_Records provided_.
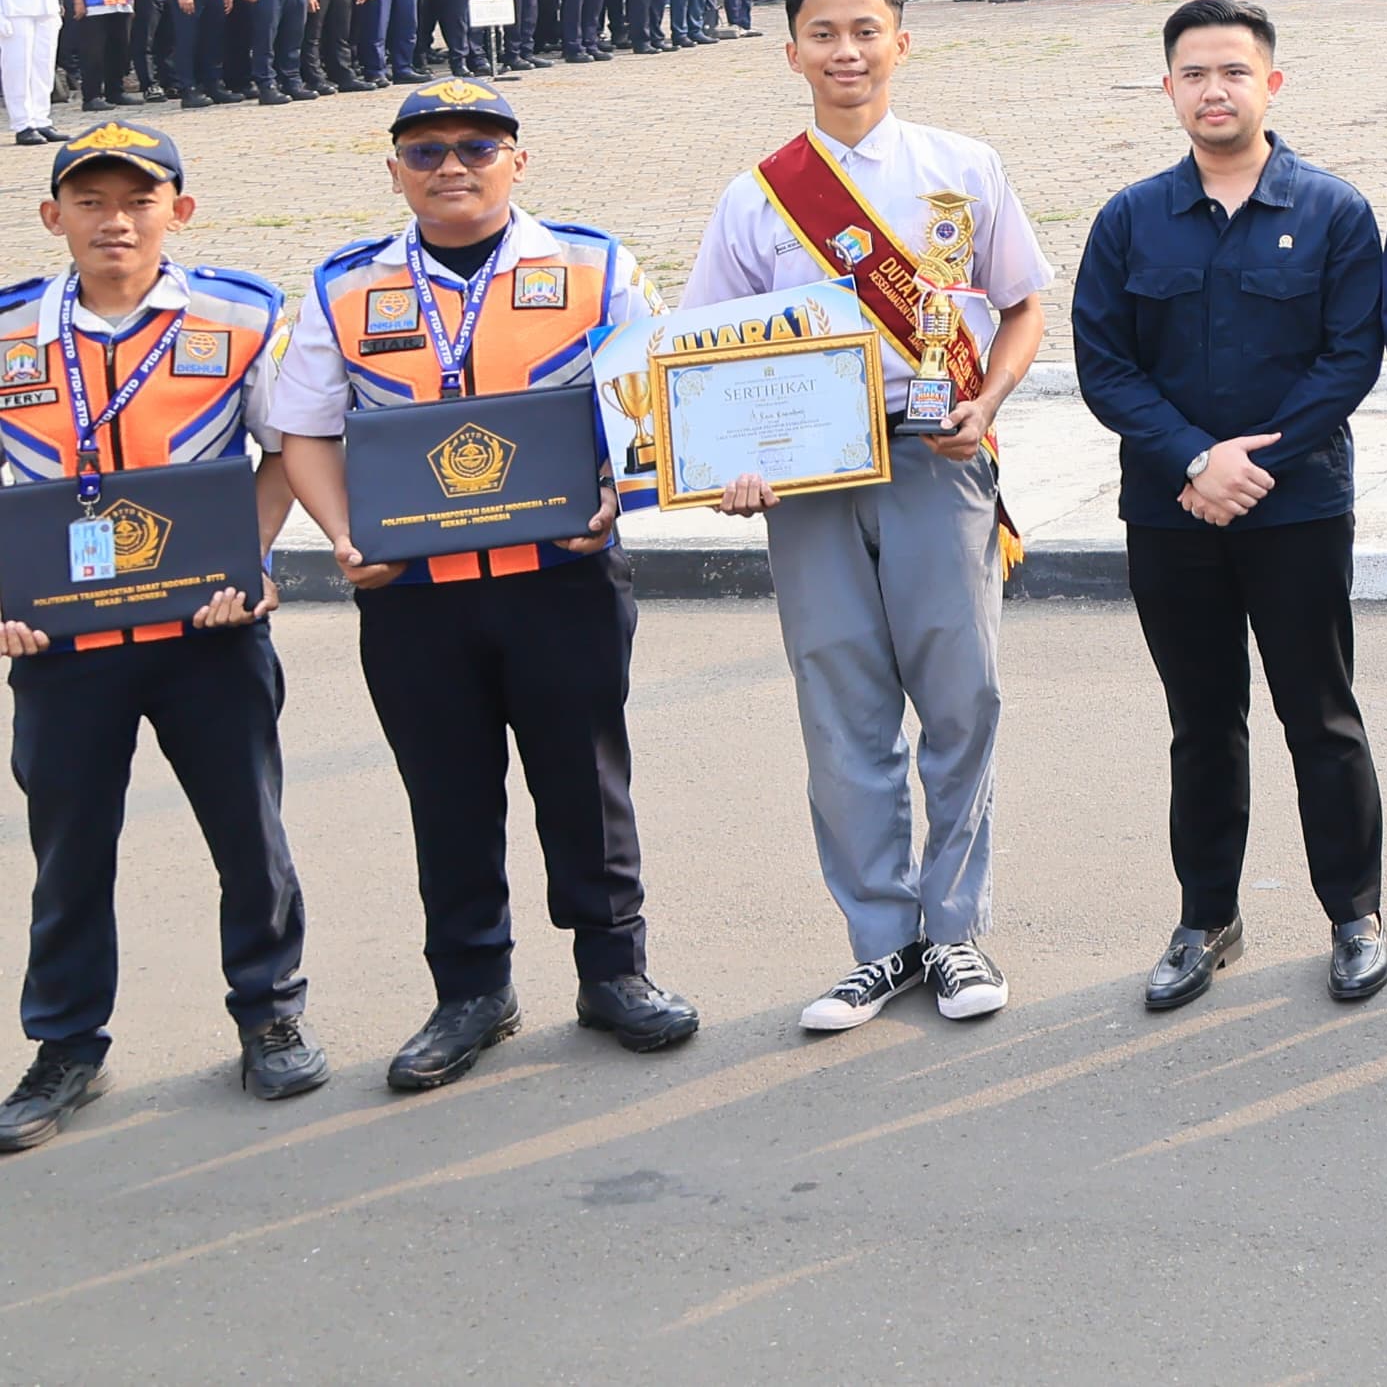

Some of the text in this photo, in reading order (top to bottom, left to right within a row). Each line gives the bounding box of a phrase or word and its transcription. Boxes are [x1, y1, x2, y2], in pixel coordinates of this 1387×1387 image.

[878, 257, 918, 300] DUTA
[176, 363, 223, 374] DISHUB
[4, 391, 44, 406] FERY
[724, 378, 817, 402] SERTIFIKAT
[382, 514, 425, 527] POLITEKNIK
[426, 507, 480, 521] TRANSPORTASI
[480, 504, 504, 515] DARAT
[504, 499, 543, 511] INDONESIA
[440, 512, 511, 529] BEKASI INDONESIA
[33, 593, 79, 607] POLITEKNIK
[80, 586, 135, 600] TRANSPORTASI
[136, 582, 160, 593] DARAT
[161, 576, 201, 589] INDONESIA
[94, 590, 168, 608] BEKASI INDONESIA
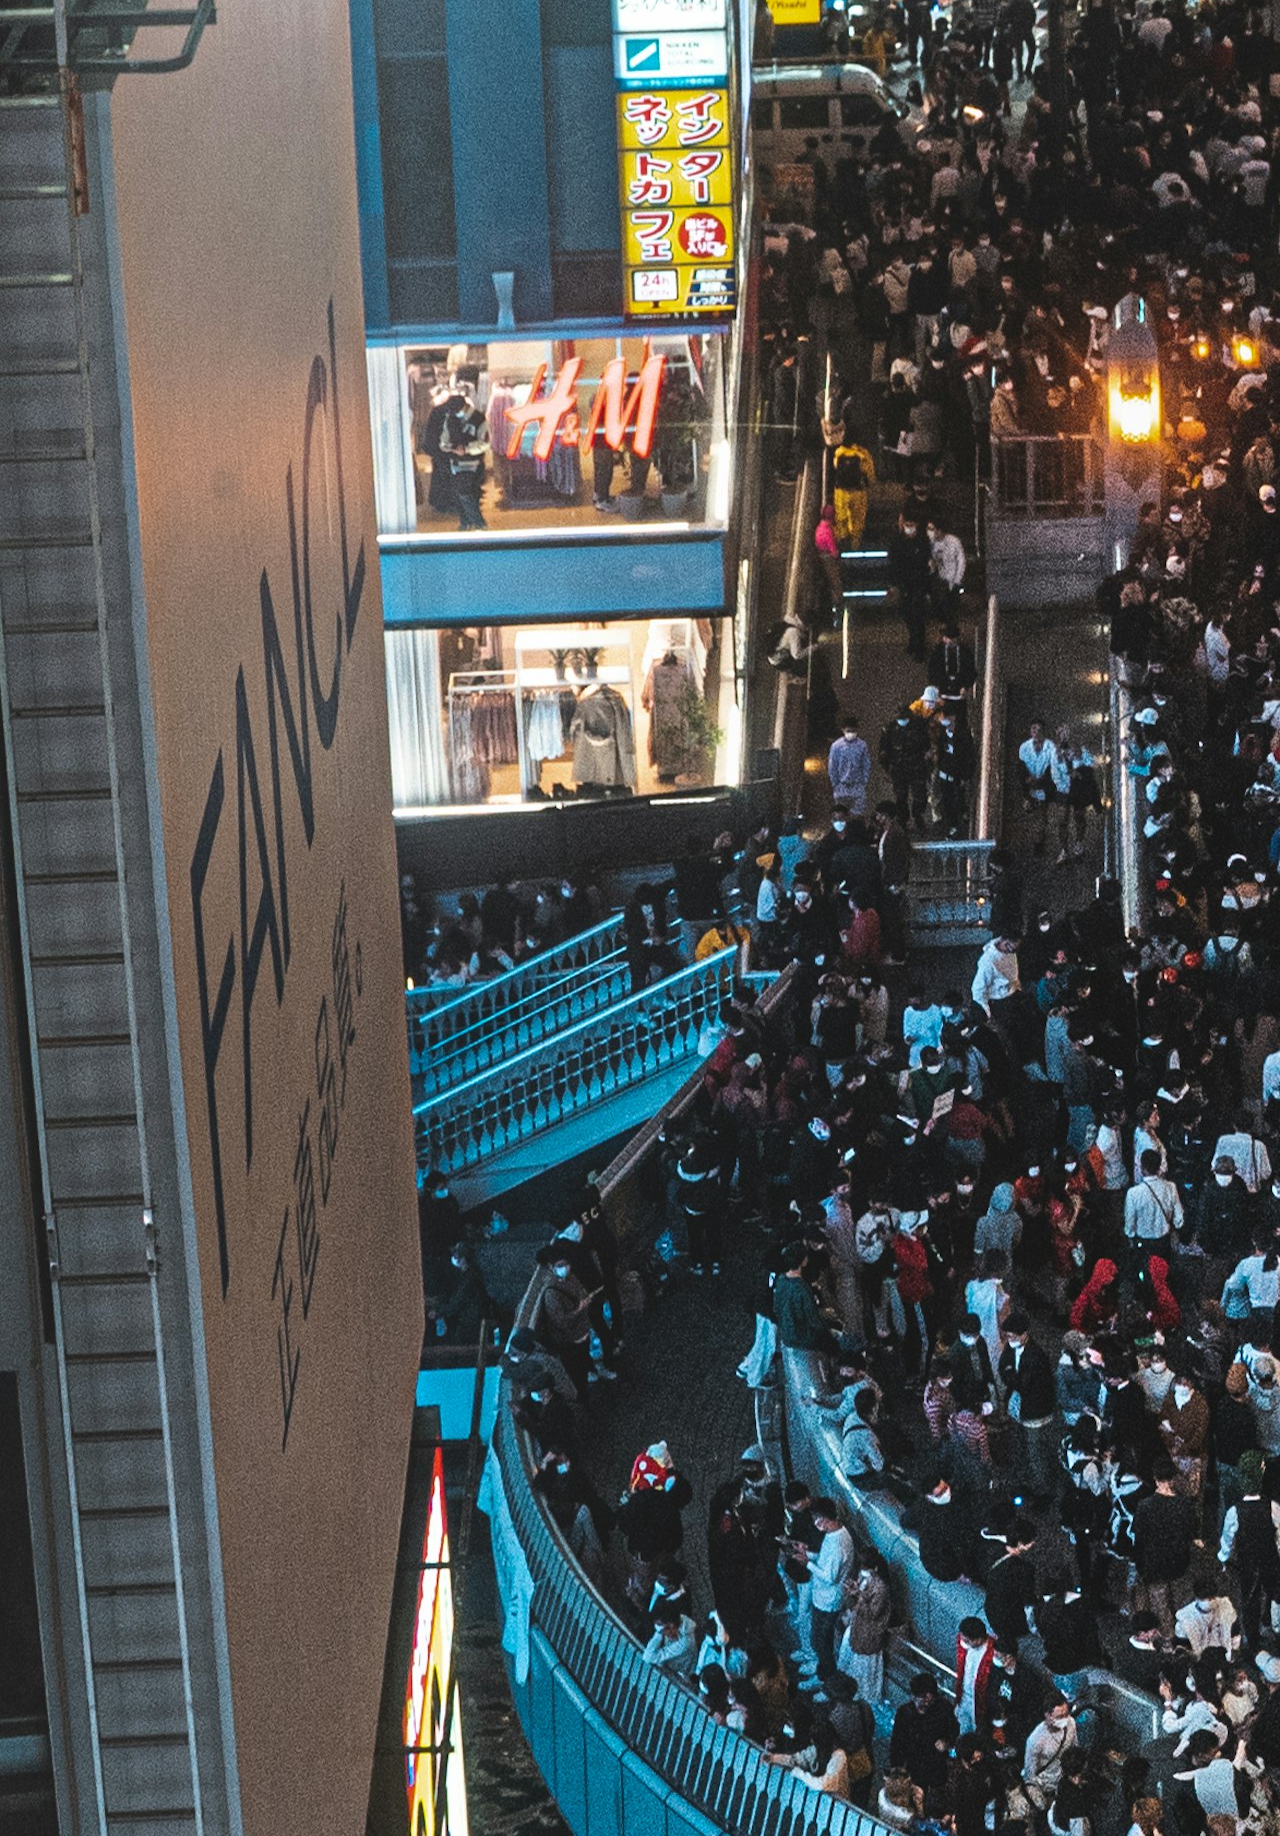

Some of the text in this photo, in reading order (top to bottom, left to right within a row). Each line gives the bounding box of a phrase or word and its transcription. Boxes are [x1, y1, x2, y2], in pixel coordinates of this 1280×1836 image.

_Work required_.
Write every line of the data out again exactly, leaving out all images.

_Task result_.
Some of the text in this photo, in reading order (top to bottom, left to right within a row). Each line gives the bounding box of a phrase or word and its transcription. Boxes are [x1, y1, x2, y2], in pixel coordinates of this 1387×1387 image.

[878, 257, 918, 300] DUTA
[176, 363, 223, 374] DISHUB
[4, 391, 44, 406] FERY
[724, 378, 817, 402] SERTIFIKAT
[382, 514, 425, 527] POLITEKNIK
[426, 507, 480, 521] TRANSPORTASI
[480, 504, 504, 515] DARAT
[504, 499, 543, 511] INDONESIA
[440, 512, 511, 529] BEKASI INDONESIA
[33, 593, 79, 607] POLITEKNIK
[80, 586, 135, 600] TRANSPORTASI
[136, 582, 160, 593] DARAT
[161, 576, 201, 589] INDONESIA
[94, 590, 168, 608] BEKASI INDONESIA

Some of the text in this photo, in reading order (top to bottom, left to right within a row). Each line gives the bounding box of a phrase or word and its transcription. Boxes are [x1, y1, x2, y2], in pixel coordinates of this 1280×1836 image.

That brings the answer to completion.